Your task -> As an exercise, transcribe the data below in full and exactly, omitting pictures.

================

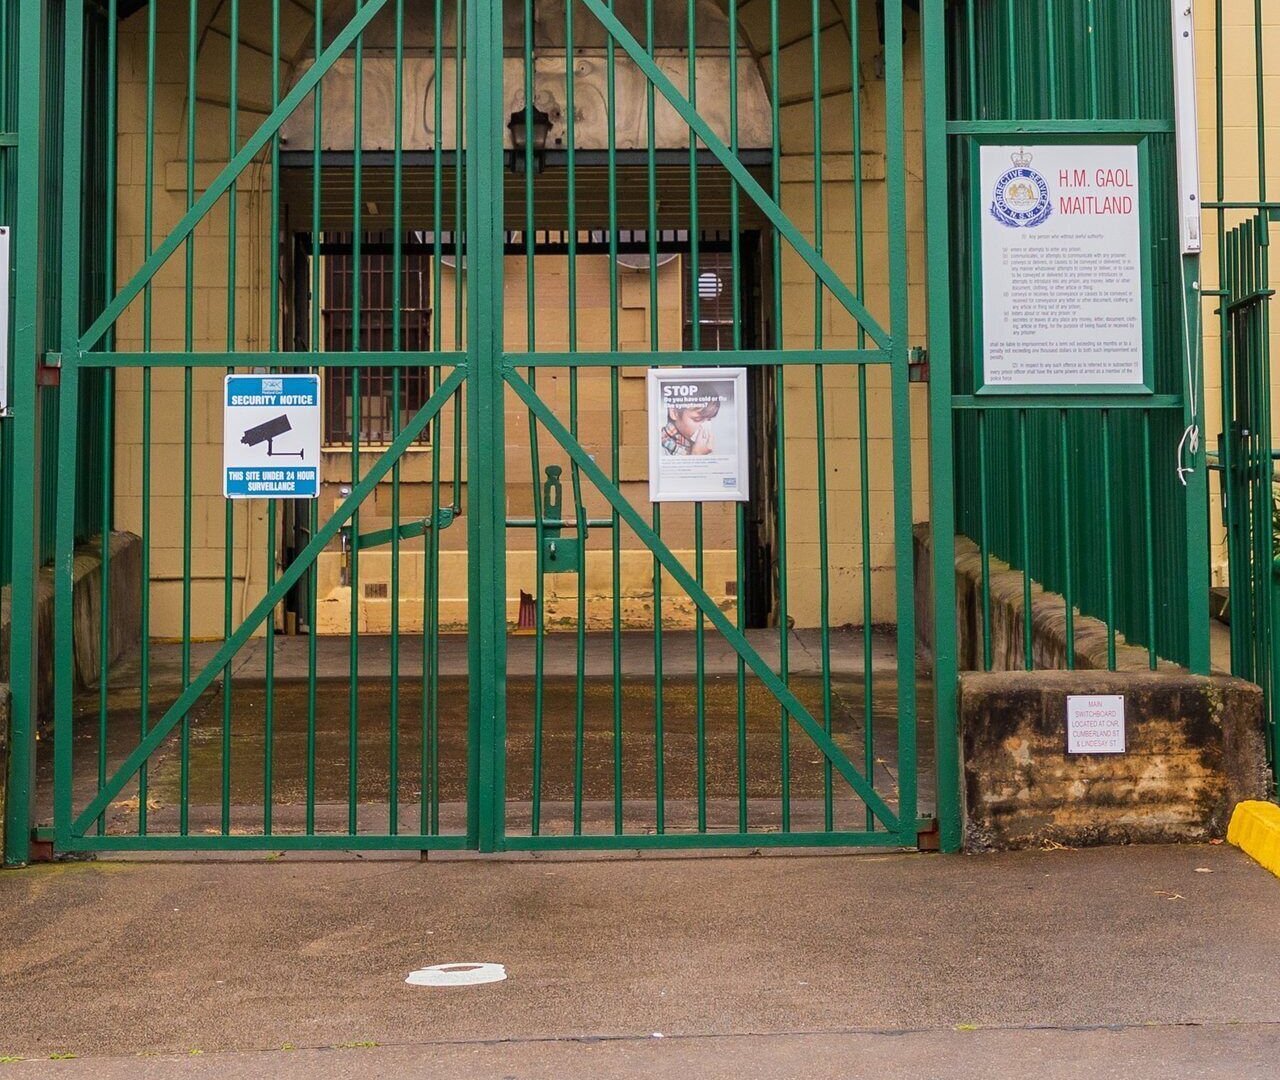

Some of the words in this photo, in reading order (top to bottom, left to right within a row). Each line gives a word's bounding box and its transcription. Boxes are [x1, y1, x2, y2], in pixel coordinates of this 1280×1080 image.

[1059, 169, 1090, 187] H.M.
[1095, 168, 1133, 187] GAOL
[996, 170, 1023, 211] CORRECTIVE
[1029, 171, 1048, 210] SERVICES
[1060, 196, 1133, 214] MAITLAND
[663, 385, 698, 396] STOP
[231, 395, 276, 405] SECURITY
[280, 395, 313, 405] NOTICE
[229, 471, 243, 480] THIS
[245, 471, 260, 480] SITE
[262, 471, 284, 480] UNDER
[286, 471, 295, 480] 24
[297, 471, 315, 480] HOUR
[247, 481, 295, 491] SURVEILLANCE
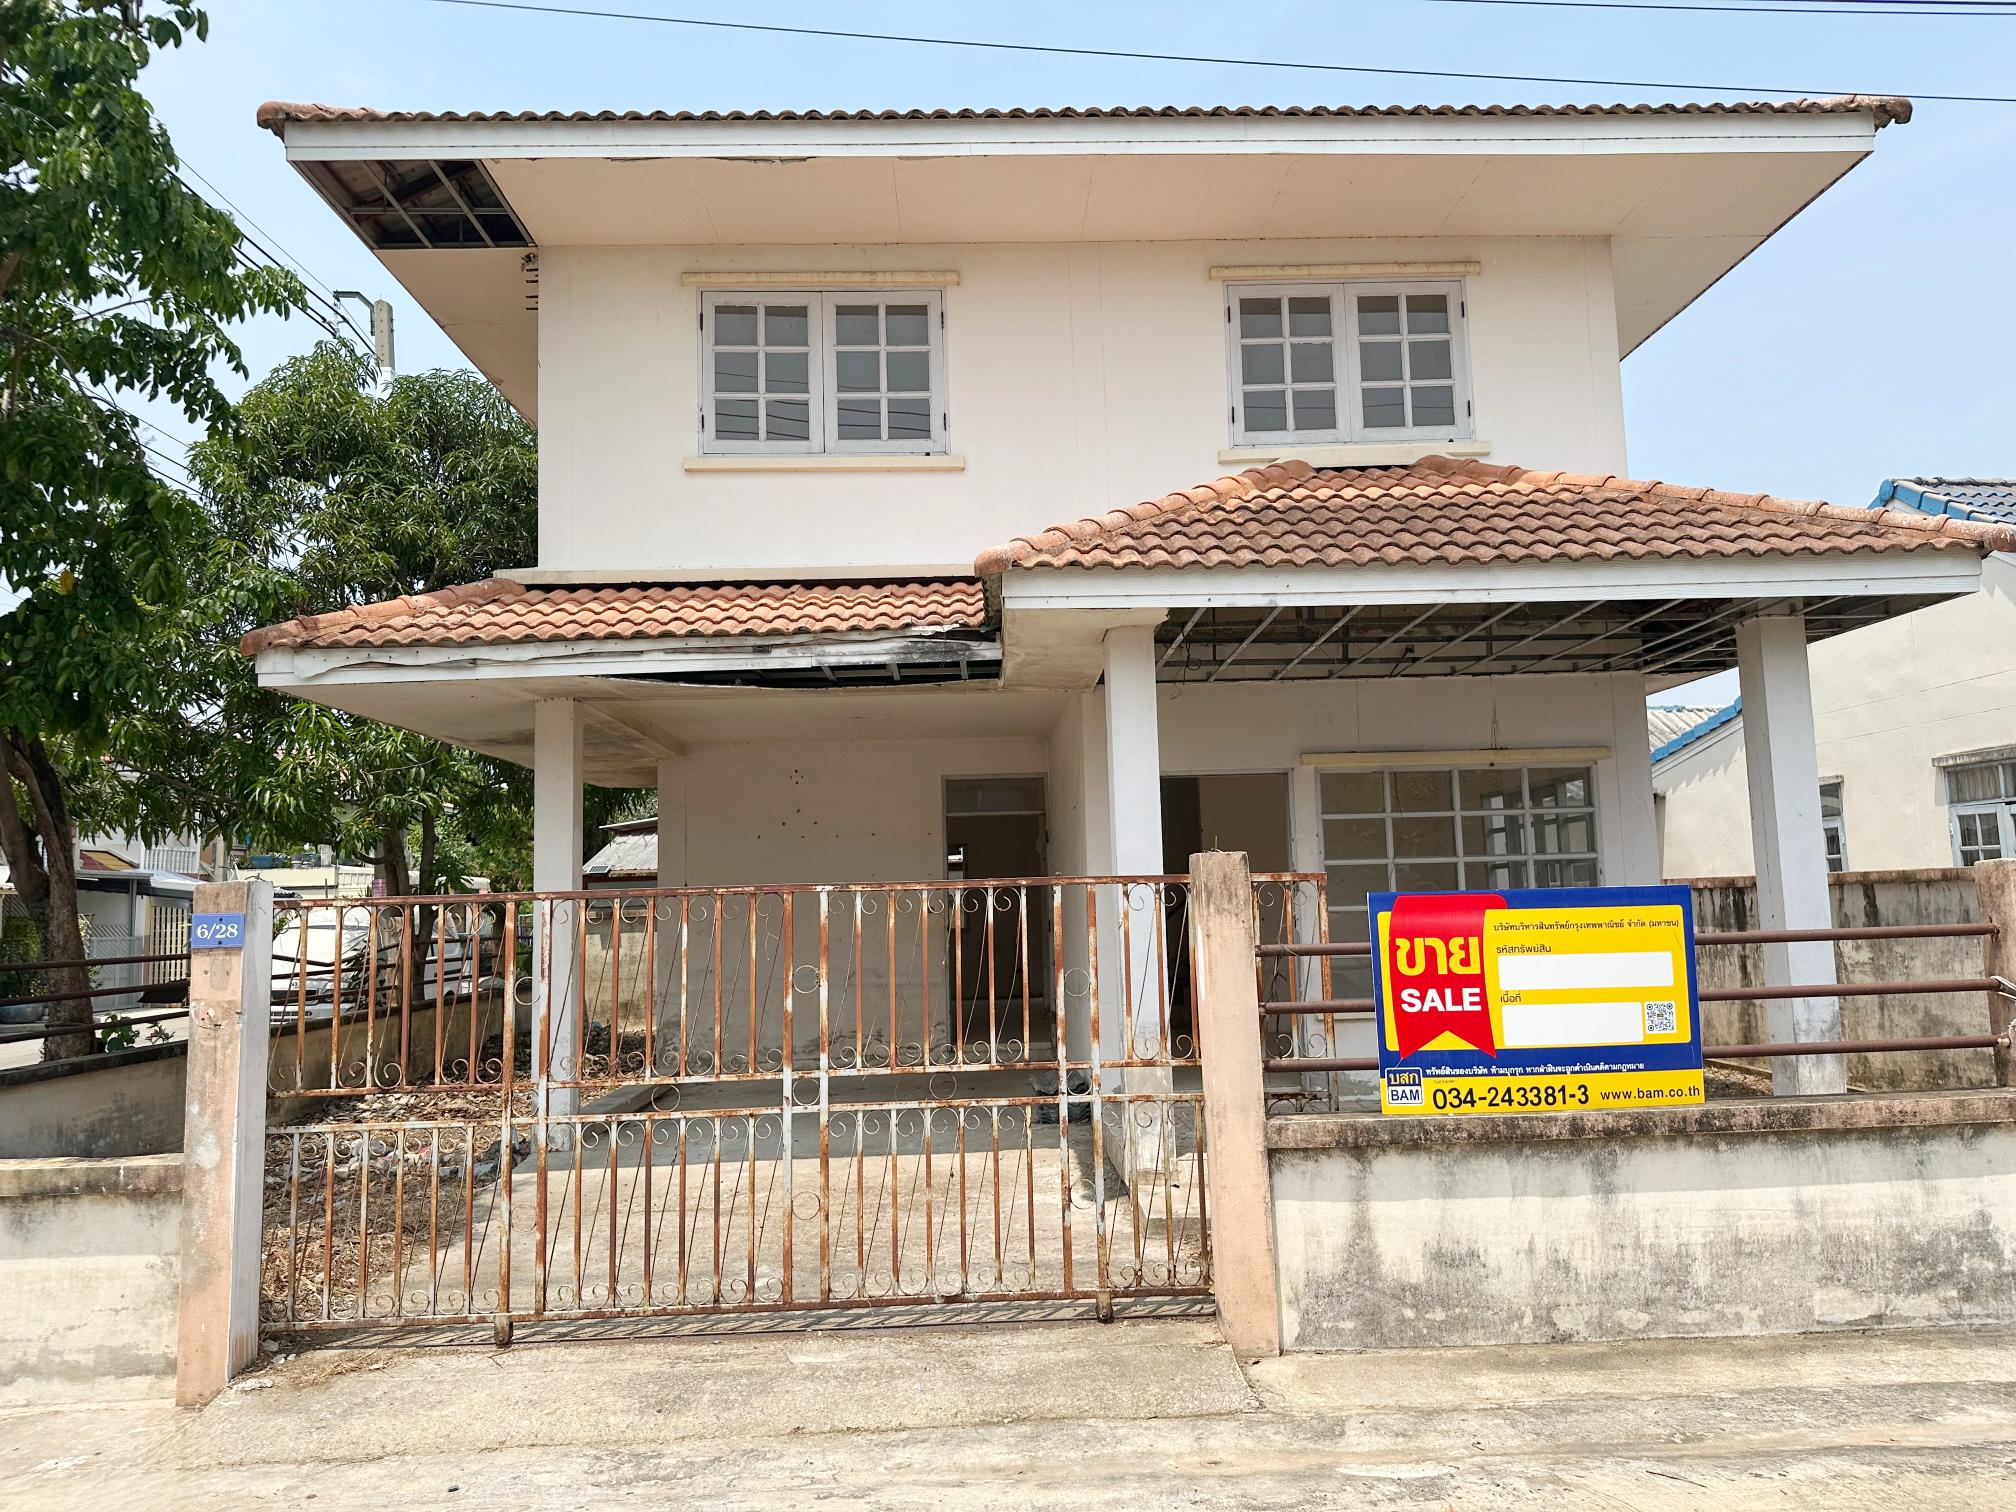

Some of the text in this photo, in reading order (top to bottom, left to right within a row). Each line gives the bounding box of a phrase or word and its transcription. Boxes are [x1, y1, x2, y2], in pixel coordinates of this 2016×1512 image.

[1628, 918, 1646, 928] จำกัด
[1649, 919, 1679, 929] (มหาชน)
[197, 923, 238, 940] 6/28
[1496, 943, 1552, 954] รหัสทรัพย์สิน
[1396, 936, 1481, 976] ขาย
[1400, 988, 1482, 1013] SALE
[1500, 990, 1522, 1003] เนื้อที่
[1389, 1073, 1419, 1085] บสก
[1390, 1089, 1420, 1102] BAM
[1432, 1084, 1700, 1109] 034-243381-3 www.bam.co.th
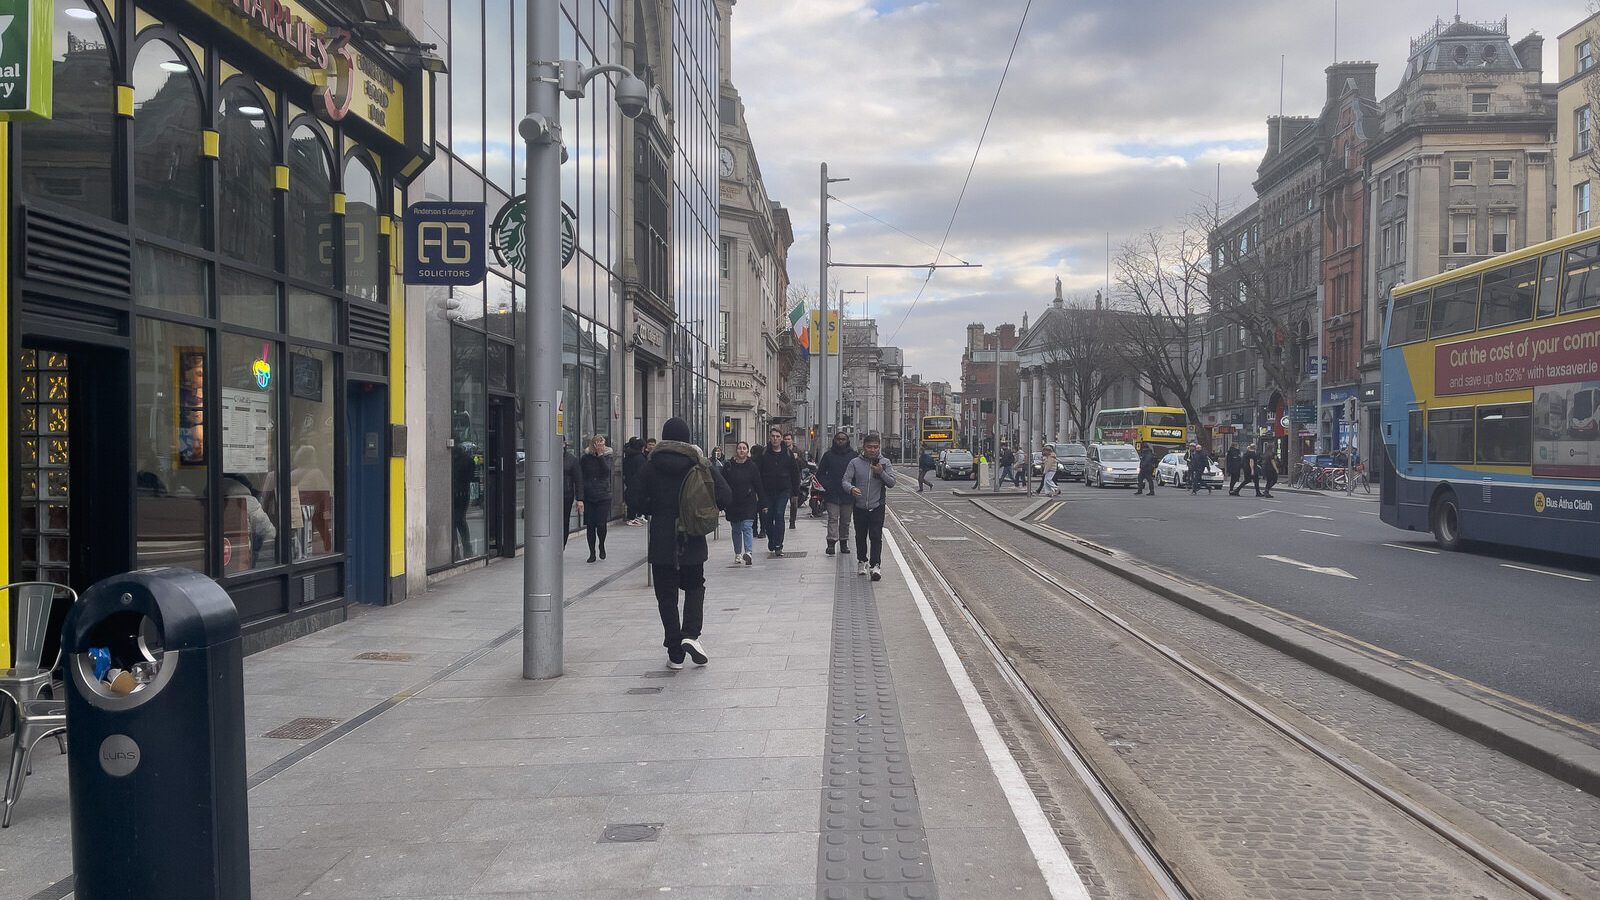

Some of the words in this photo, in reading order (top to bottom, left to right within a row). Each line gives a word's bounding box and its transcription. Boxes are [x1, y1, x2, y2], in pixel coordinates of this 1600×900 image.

[418, 222, 471, 264] AG
[418, 269, 471, 278] SOLICITORS
[814, 320, 836, 332] YS
[1450, 349, 1468, 367] Cut
[1470, 344, 1487, 364] the
[1489, 341, 1515, 362] cost
[1516, 336, 1529, 358] of
[1531, 336, 1560, 362] your
[1449, 375, 1464, 389] and
[1464, 375, 1482, 386] save
[1483, 373, 1494, 388] up
[1495, 371, 1504, 383] to
[1527, 365, 1545, 380] with
[1546, 358, 1598, 378] taxsaver.ie
[1546, 497, 1558, 508] Bus
[1573, 499, 1593, 511] Cliath
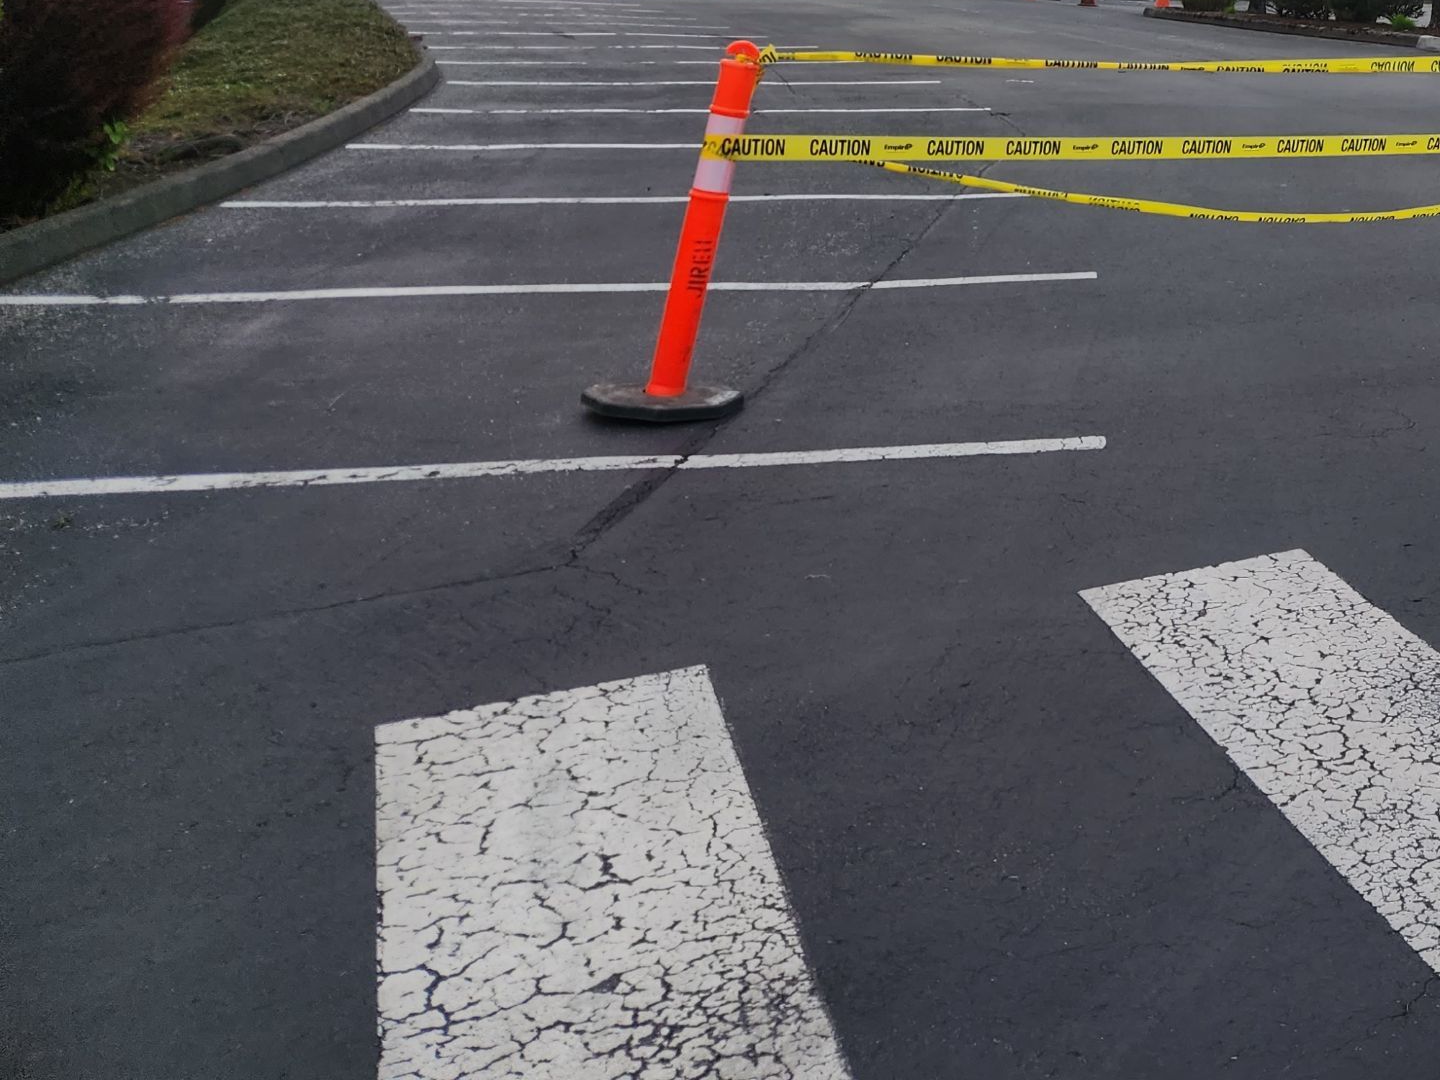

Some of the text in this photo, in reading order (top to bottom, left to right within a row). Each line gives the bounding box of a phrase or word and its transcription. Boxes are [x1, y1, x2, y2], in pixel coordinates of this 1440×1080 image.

================

Answer ->
Some of the words in this photo, in reading order (top to bottom, left to right within a row). Each line gives a word's bounding box and its transcription. Boxes are [x1, y1, x2, y2], in pixel coordinates of this 1280×1080 image.

[1059, 169, 1090, 187] H.M.
[1095, 168, 1133, 187] GAOL
[996, 170, 1023, 211] CORRECTIVE
[1029, 171, 1048, 210] SERVICES
[1060, 196, 1133, 214] MAITLAND
[663, 385, 698, 396] STOP
[231, 395, 276, 405] SECURITY
[280, 395, 313, 405] NOTICE
[229, 471, 243, 480] THIS
[245, 471, 260, 480] SITE
[262, 471, 284, 480] UNDER
[286, 471, 295, 480] 24
[297, 471, 315, 480] HOUR
[247, 481, 295, 491] SURVEILLANCE

Some of the text in this photo, in reading order (top to bottom, left to right within a row). Each line gives the bounding box of a phrase or word and its transcription. Boxes are [x1, y1, x2, y2], in pixel coordinates of this 2016×1512 image.

[1628, 918, 1646, 928] จำกัด
[1649, 919, 1679, 929] (มหาชน)
[197, 923, 238, 940] 6/28
[1496, 943, 1552, 954] รหัสทรัพย์สิน
[1396, 936, 1481, 976] ขาย
[1400, 988, 1482, 1013] SALE
[1500, 990, 1522, 1003] เนื้อที่
[1389, 1073, 1419, 1085] บสก
[1390, 1089, 1420, 1102] BAM
[1432, 1084, 1700, 1109] 034-243381-3 www.bam.co.th

Some of the words in this photo, in reading order (top to bottom, left to right within a row). Each line gives a word's bounding box and its transcription. Boxes are [x1, y1, x2, y2], in pixel coordinates of this 1600×900 image.

[418, 222, 471, 264] AG
[418, 269, 471, 278] SOLICITORS
[814, 320, 836, 332] YS
[1450, 349, 1468, 367] Cut
[1470, 344, 1487, 364] the
[1489, 341, 1515, 362] cost
[1516, 336, 1529, 358] of
[1531, 336, 1560, 362] your
[1449, 375, 1464, 389] and
[1464, 375, 1482, 386] save
[1483, 373, 1494, 388] up
[1495, 371, 1504, 383] to
[1527, 365, 1545, 380] with
[1546, 358, 1598, 378] taxsaver.ie
[1546, 497, 1558, 508] Bus
[1573, 499, 1593, 511] Cliath

Some of the text in this photo, in reading order (top to bottom, left to right within a row). Each line gives the bounding box of a phrase or word and its transcription. Boxes are [x1, y1, x2, y2], in pixel coordinates of this 1440×1080 image.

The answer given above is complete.